Joel should also pay a visit to the guidance counsellors at his local college and nearest university to see what programs are available. Part-time and online courses are also an option. “University degrees are important, but Joel needs to do some research, network with others working in the fields he’s interested in, and really examine his choices before committing to a career,” says Eileen Chadnick, a certified career coach with Big Cheese Coaching in Toronto. “Once he’s picked something, the rest will fall into place.”
If he’s having trouble deciding, he should seek out a career coach. Most charge by the hour—starting at about $50—and usually work with you for a couple of months. The International Coach Federation website at coachfederation.org offers a free coach referral service.
The Wilsons need to start trimming back some of their bills. “They will be on a budget for several years once they have kids,” says Van Nest. “They can start by getting their budget under control now.” Van Nest suggests they cut $600 annually from clothes, $1,000 from vacations, $1,200 from groceries and $1,200 from restaurants, for total savings of $4,000 annually. “That money—along with the $3,519 in annual net income they already have—can go towards paying for retraining for Joel and, once they start their family, for daycare and other expenses,” says Van Nest.
If they need more money for Joel’s school costs, Annie Kvick, a Vancouver money coach, suggests they dip into Joel’s $38,000 RRSP through the Lifetime Learning Program. “They can withdraw $10,000 a year tax-free for two years and put it towards tuition fees,” says Kvick. “Another $20,000 can come from Joel’s TFSA if needed.”
Once Joel’s health benefits run out on Dec. 31, 2017, Joel shouldn’t take a job simply because it offers benefits. Instead, he should buy insurance coverage through an insurance broker. He’s certainly eligible. “Private insurance is available—especially at Joel’s young age,” says independent insurance broker Lorne Marr. For many people, private insurance is a good—often temporary—solution. Marr notes that health and dental insurance policies will usually exclude pre-existing conditions. Annual premiums for the Wilsons, according to Marr, would cost about $1,900 annually. Most disability plans, too, will not cover pre-existing conditions, but Joel can easily get a good disability policy. “The premiums will depend on the type of occupation Joel chooses,” says Marr. Assuming an office job, a policy offering $2,000 a month in benefits with payments ending at age 65 will cost Joel about $80 a month. For Nancy, the cost would be $110 a month.

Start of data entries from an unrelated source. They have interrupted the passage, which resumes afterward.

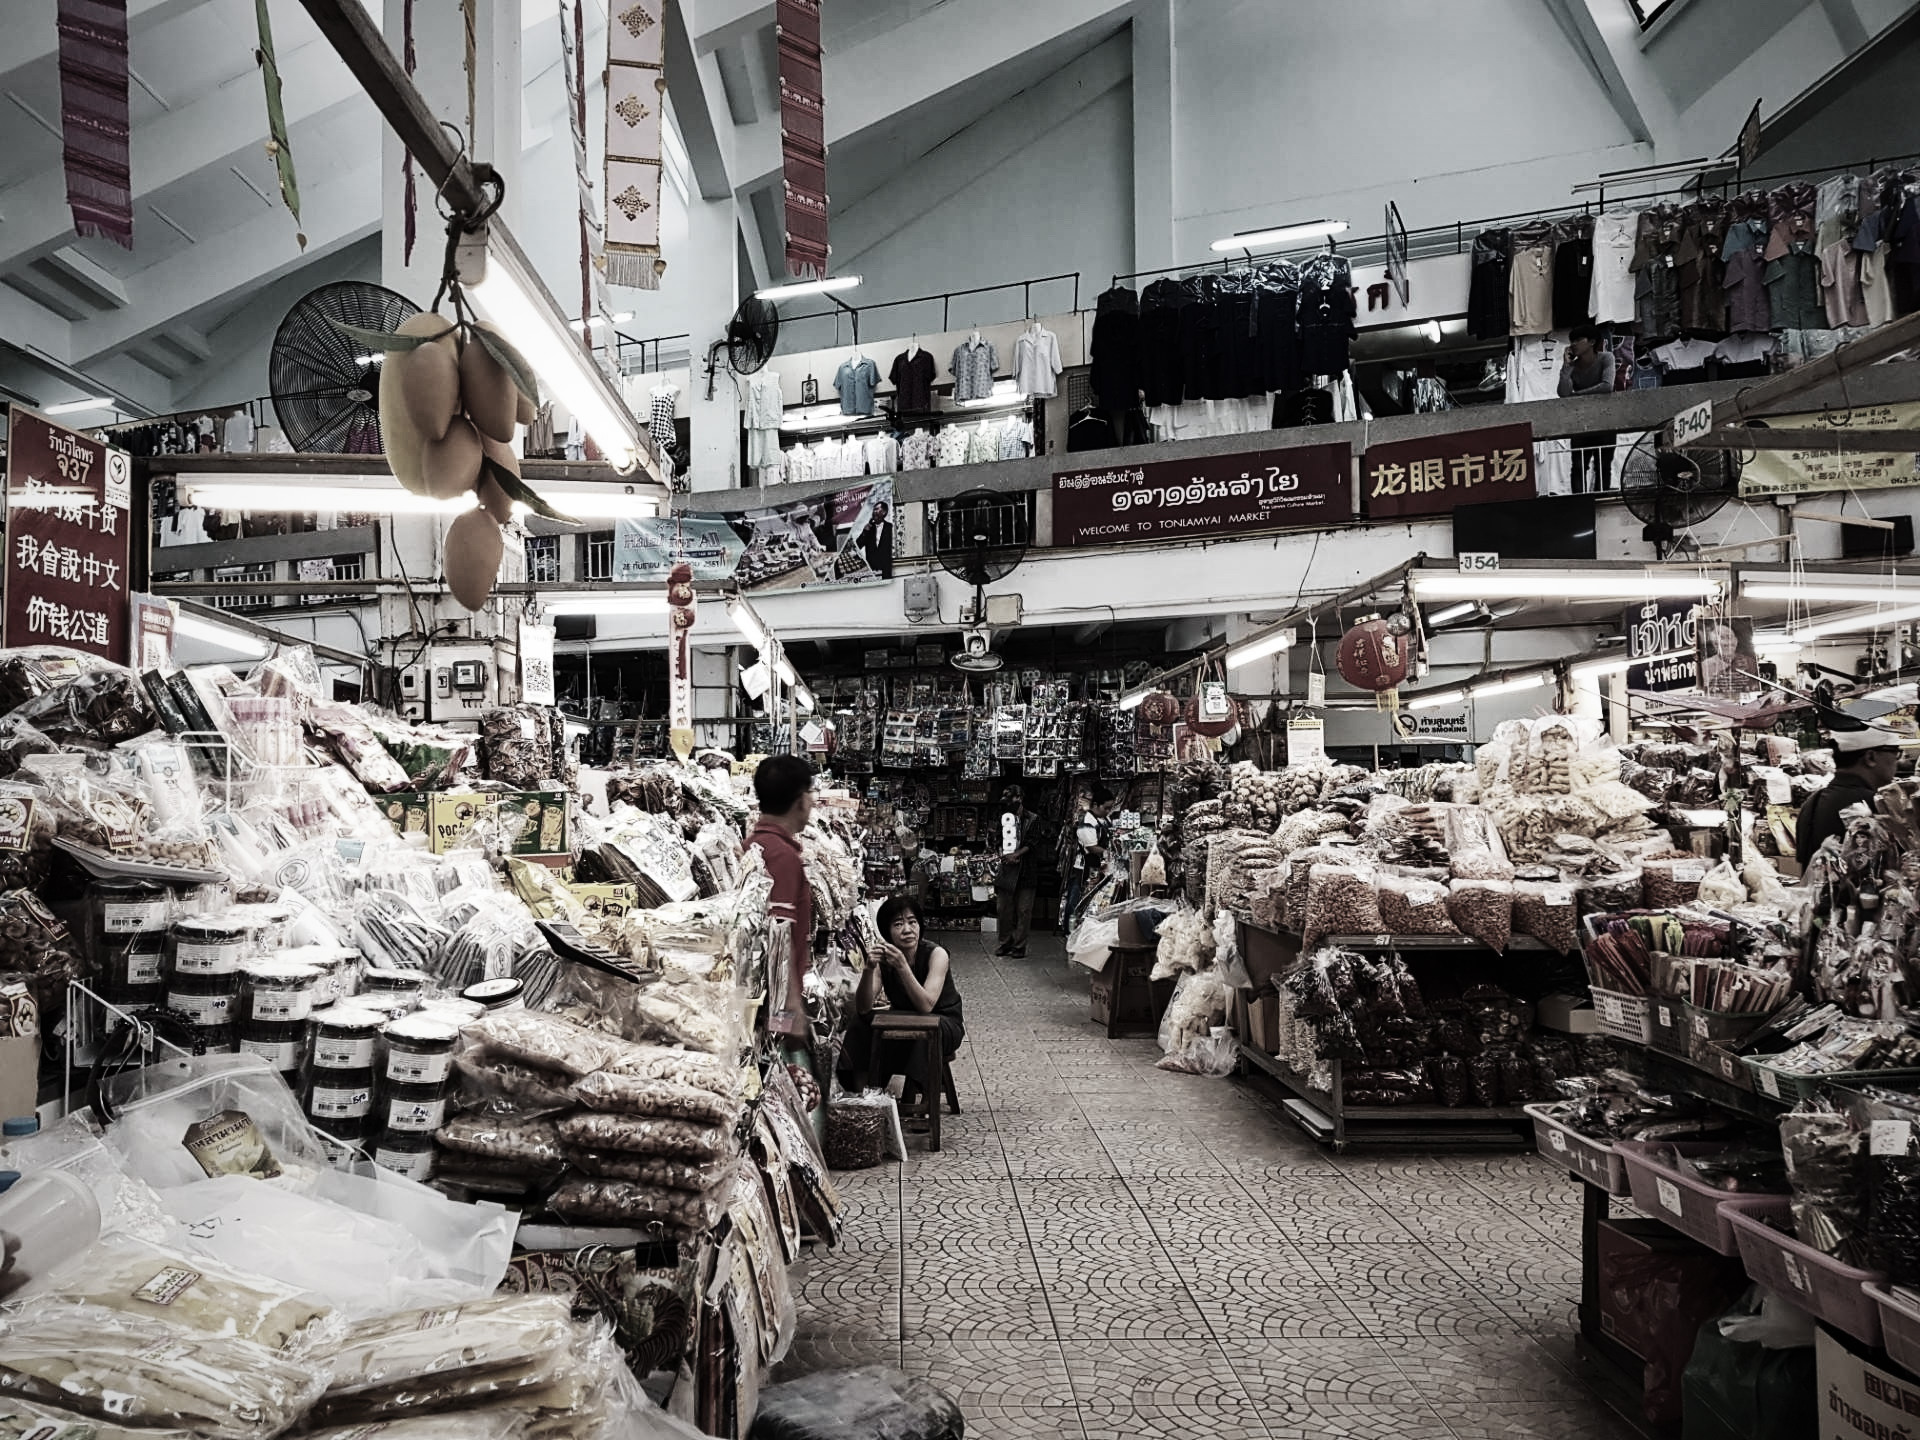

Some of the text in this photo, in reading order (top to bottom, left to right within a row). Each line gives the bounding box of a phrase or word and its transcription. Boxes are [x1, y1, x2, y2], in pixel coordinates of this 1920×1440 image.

[56, 453, 91, 484] จ37
[1111, 466, 1299, 512] ตลาดต้นลำไย
[1370, 448, 1528, 498] 龙眼市场
[1079, 511, 1271, 536] WELCOME TO TONLAMYAI MARKET
[16, 534, 121, 591] 我會說中文
[25, 595, 110, 646] 价钱公道
[1420, 713, 1466, 728] ห้ามสูบบุหรี่

For life insurance coverage, Joel can get a simplified issue policy where there are no medical tests. Instead, he’ll have to answer a short series of health questions. “The more questions Joel can answer ‘no’ to, the lower the premium,” explains Marr. A $500,000 simplified issue term 20 policy for Joel costs about $70 a month. Similar coverage for Nancy costs $23. Total cost for all benefits? $5,296 annually. “The couple would be entitled to tax credits and deductions for some of those costs at tax time,” says Marr. “Of course, if Joel gets a new job with full benefits, the private insurance costs will go.”
Get a plan for the properties
“The couple has more than 50% of their total net worth tied up in real estate in just one geographical area,” says Van Nest. “I wouldn’t generally recommend that. But since they seem comfortable just paying the properties off in the long term—and forgoing capital appreciation—it can work.” Kvick agrees, but recommends that any future savings be used to diversify their investments using low-cost exchange traded funds, as Joel has just started doing in his TFSA and RRSP. “But for now, they should put saving for retirement aside and concentrate on creating the best future possible for Joel and their soon-to-be growing family.”